Task objective: The entries below should be quoted exactly, with no pictures carried over.

Task material:
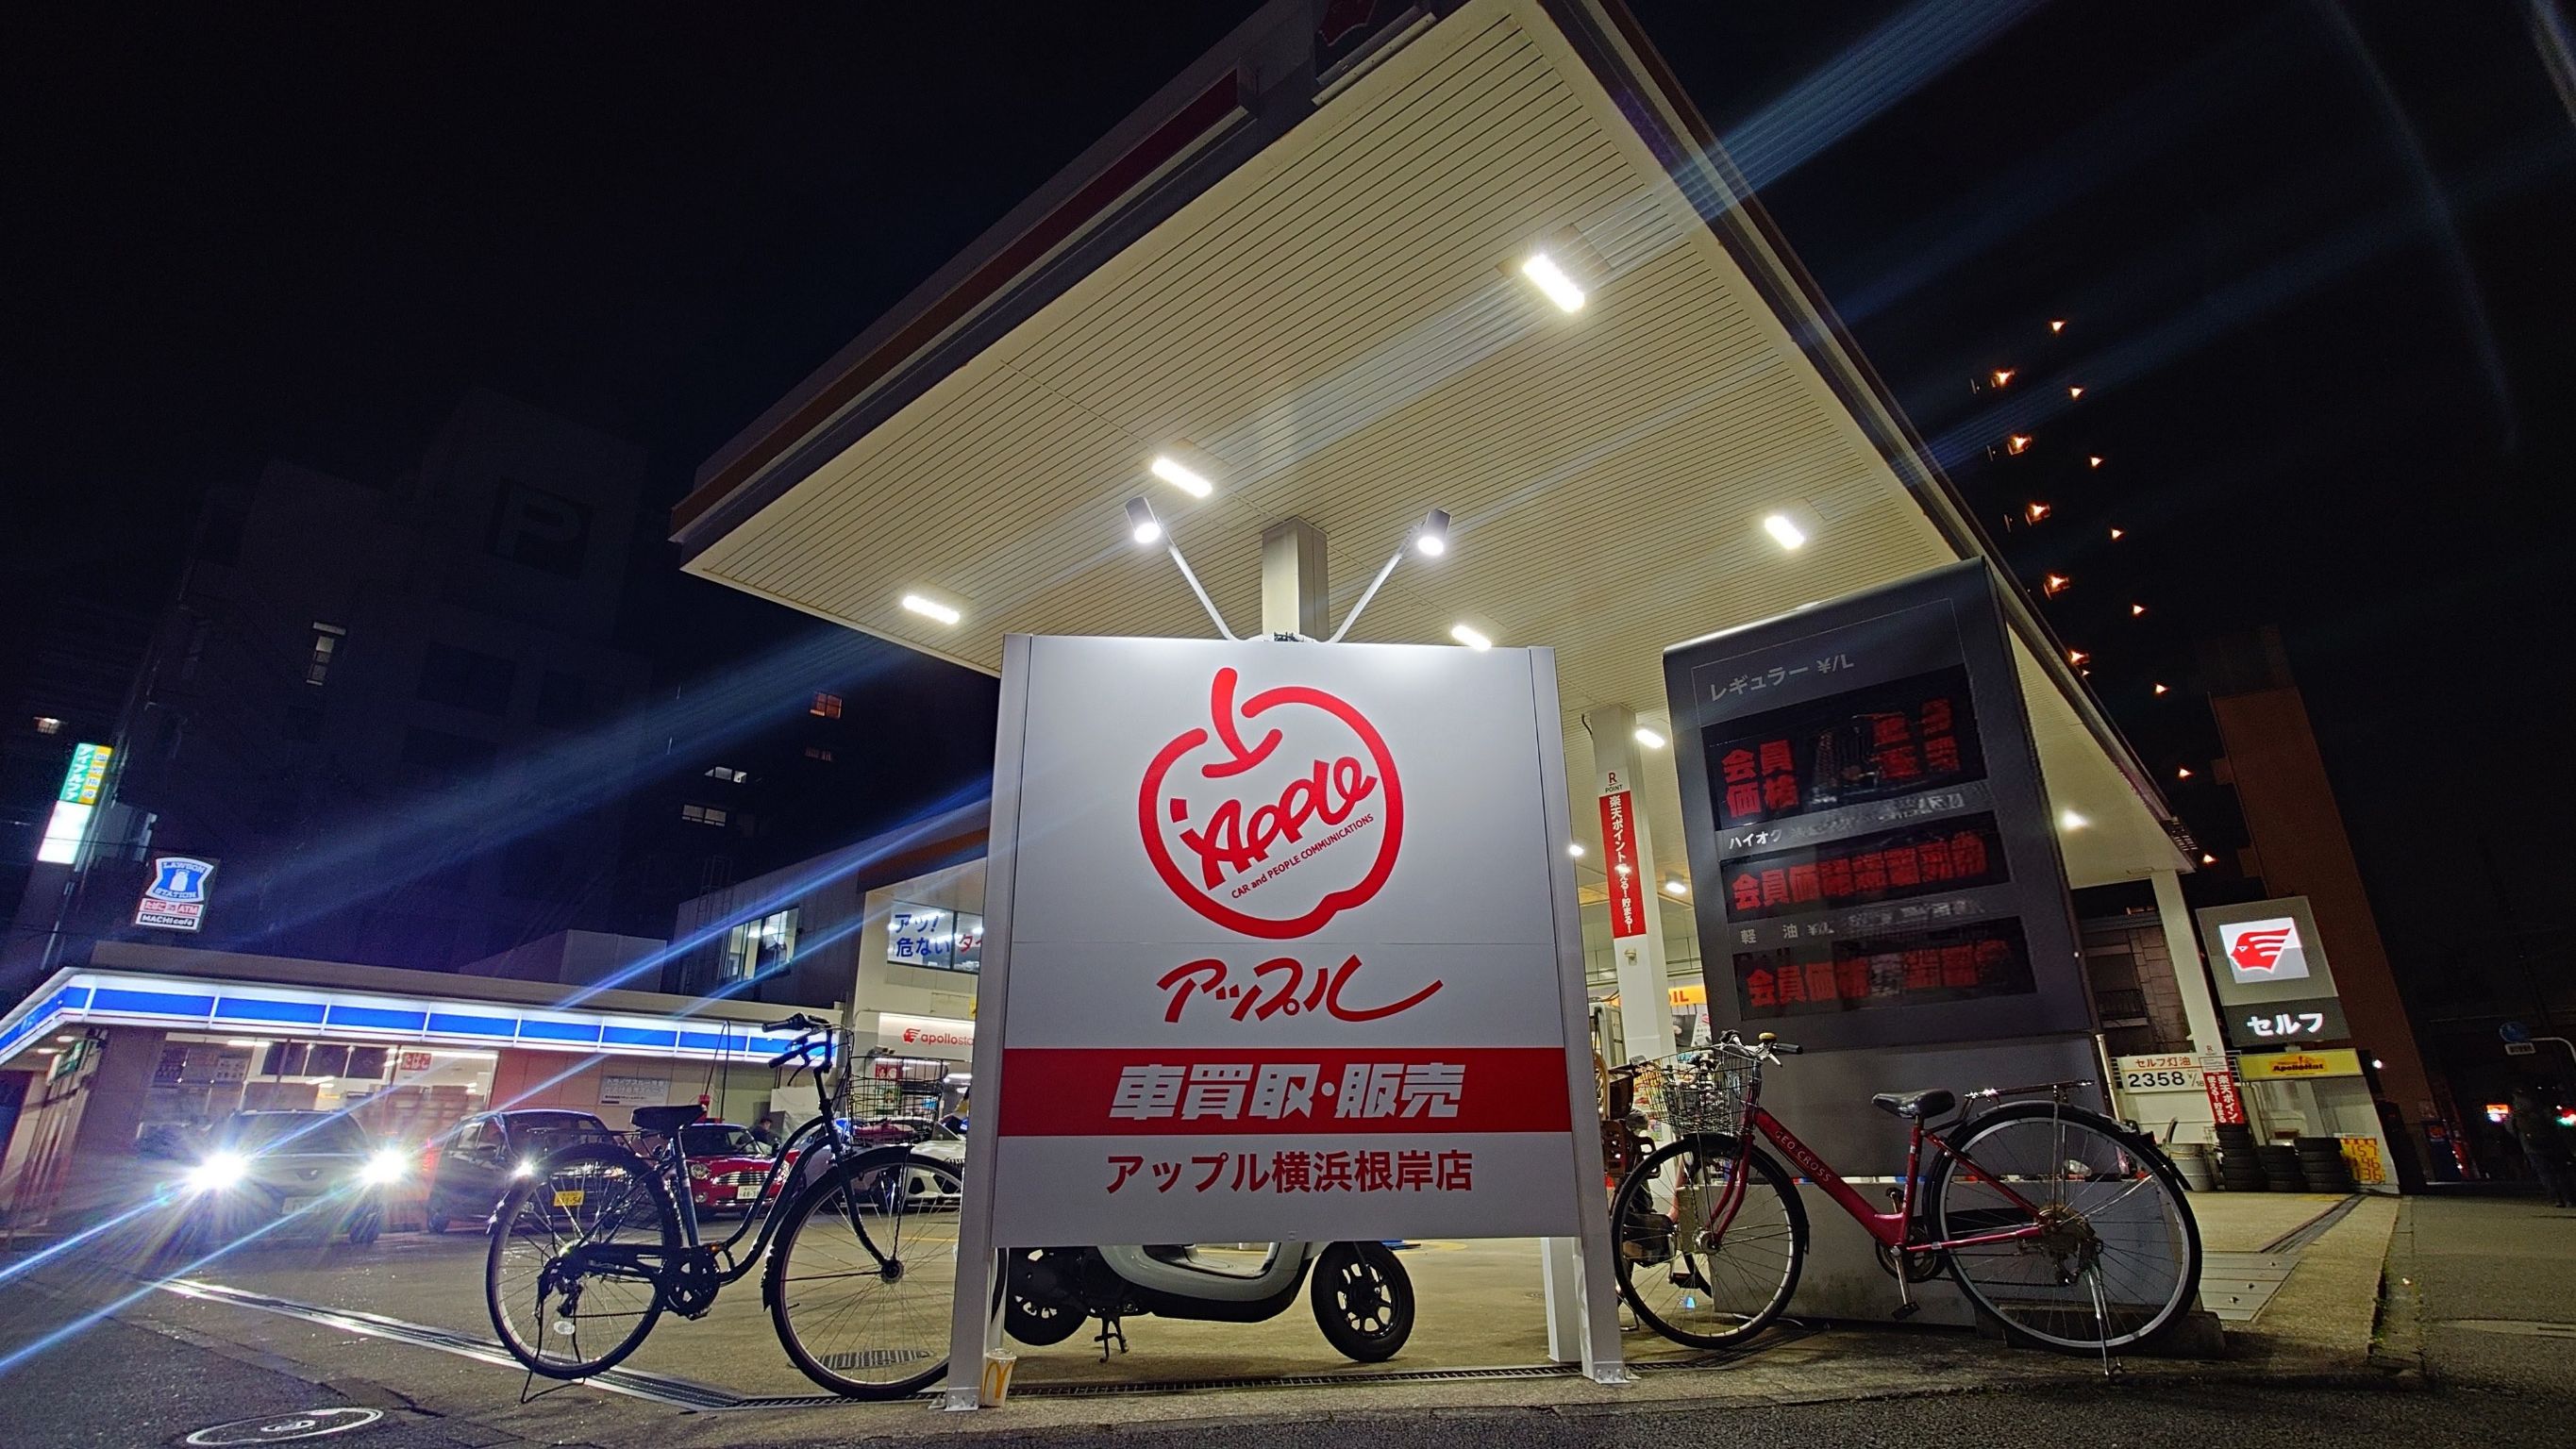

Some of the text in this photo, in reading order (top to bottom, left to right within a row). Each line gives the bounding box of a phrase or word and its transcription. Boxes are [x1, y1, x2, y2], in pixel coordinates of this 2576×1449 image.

[1710, 666, 1809, 701] レギュラー
[1729, 829, 1782, 850] ハイオク
[1231, 813, 1374, 899] CAR and PEOPLE COMMUNICATIONS
[162, 861, 207, 874] LAWSON
[154, 887, 197, 898] STATION
[142, 915, 173, 924] MACHI
[177, 905, 198, 915] ATM
[895, 936, 950, 958] 危ない
[1157, 955, 1444, 1022] アップル
[2247, 1013, 2323, 1037] セルフ
[2135, 1057, 2192, 1068] セルフ灯油
[2128, 1071, 2185, 1088] 2358
[1775, 1130, 1832, 1182] GEO CROSS
[1107, 1150, 1473, 1193] アップル横浜根岸店
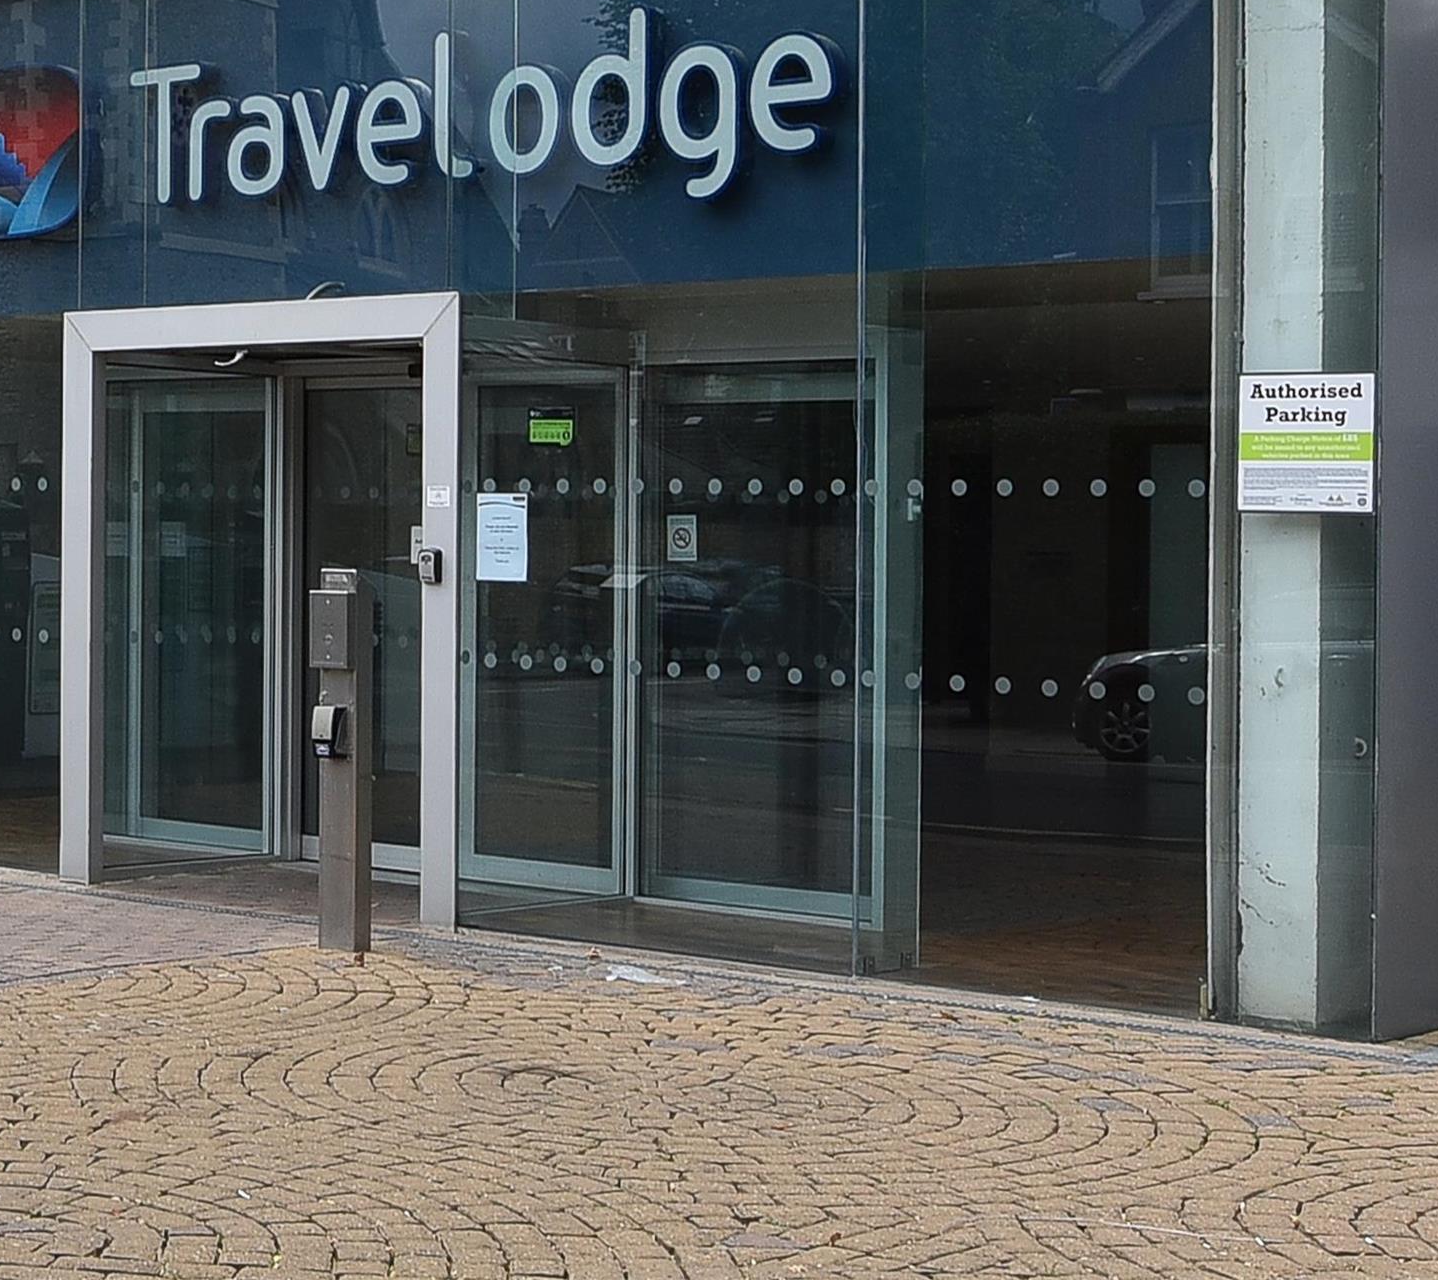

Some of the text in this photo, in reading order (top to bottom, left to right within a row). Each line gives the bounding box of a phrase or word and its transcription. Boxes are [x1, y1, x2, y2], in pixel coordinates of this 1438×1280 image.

[130, 7, 833, 202] Travelodge
[1250, 382, 1363, 399] Authorised
[1265, 406, 1347, 427] Parking
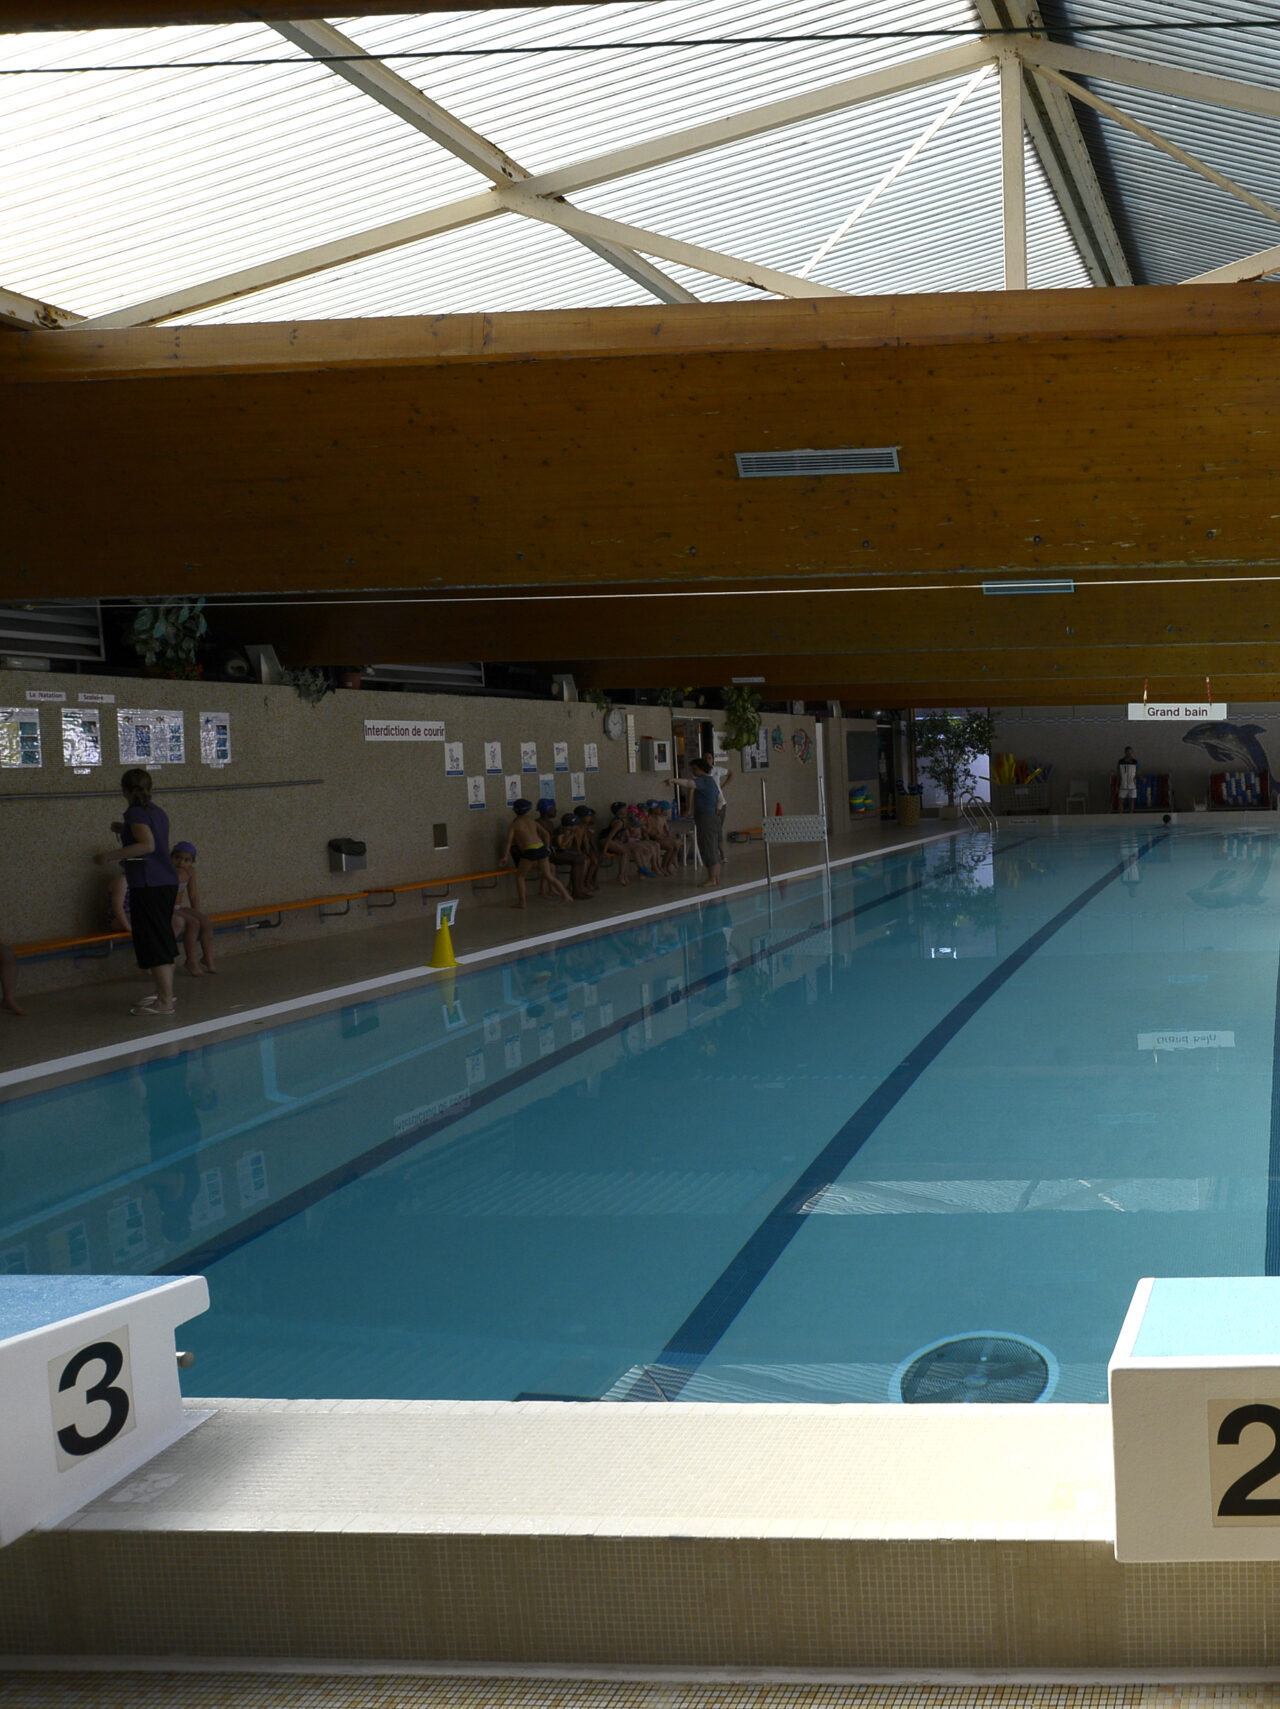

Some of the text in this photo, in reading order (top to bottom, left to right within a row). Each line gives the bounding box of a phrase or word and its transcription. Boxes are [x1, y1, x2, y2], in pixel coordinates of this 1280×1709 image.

Response:
Some of the text in this photo, in reading order (top to bottom, left to right within a row). Each line gives the bounding box of a phrase or word and its transcription. Boxes are [x1, y1, x2, y2], in pixel coordinates of this 2576×1449 image.

[1710, 666, 1809, 701] レギュラー
[1729, 829, 1782, 850] ハイオク
[1231, 813, 1374, 899] CAR and PEOPLE COMMUNICATIONS
[162, 861, 207, 874] LAWSON
[154, 887, 197, 898] STATION
[142, 915, 173, 924] MACHI
[177, 905, 198, 915] ATM
[895, 936, 950, 958] 危ない
[1157, 955, 1444, 1022] アップル
[2247, 1013, 2323, 1037] セルフ
[2135, 1057, 2192, 1068] セルフ灯油
[2128, 1071, 2185, 1088] 2358
[1775, 1130, 1832, 1182] GEO CROSS
[1107, 1150, 1473, 1193] アップル横浜根岸店

Some of the text in this photo, in reading order (top to bottom, left to right within a row). Each line gives the bounding box of a phrase or word and its transcription. Boxes are [x1, y1, x2, y2], in pixel coordinates of this 1438×1280 image.

[130, 7, 833, 202] Travelodge
[1250, 382, 1363, 399] Authorised
[1265, 406, 1347, 427] Parking

Some of the text in this photo, in reading order (top to bottom, left to right within a row). Each line gives the bounding box of a phrase or word and its transcription. Boxes are [x1, y1, x2, y2], in pixel coordinates of this 1280×1709 image.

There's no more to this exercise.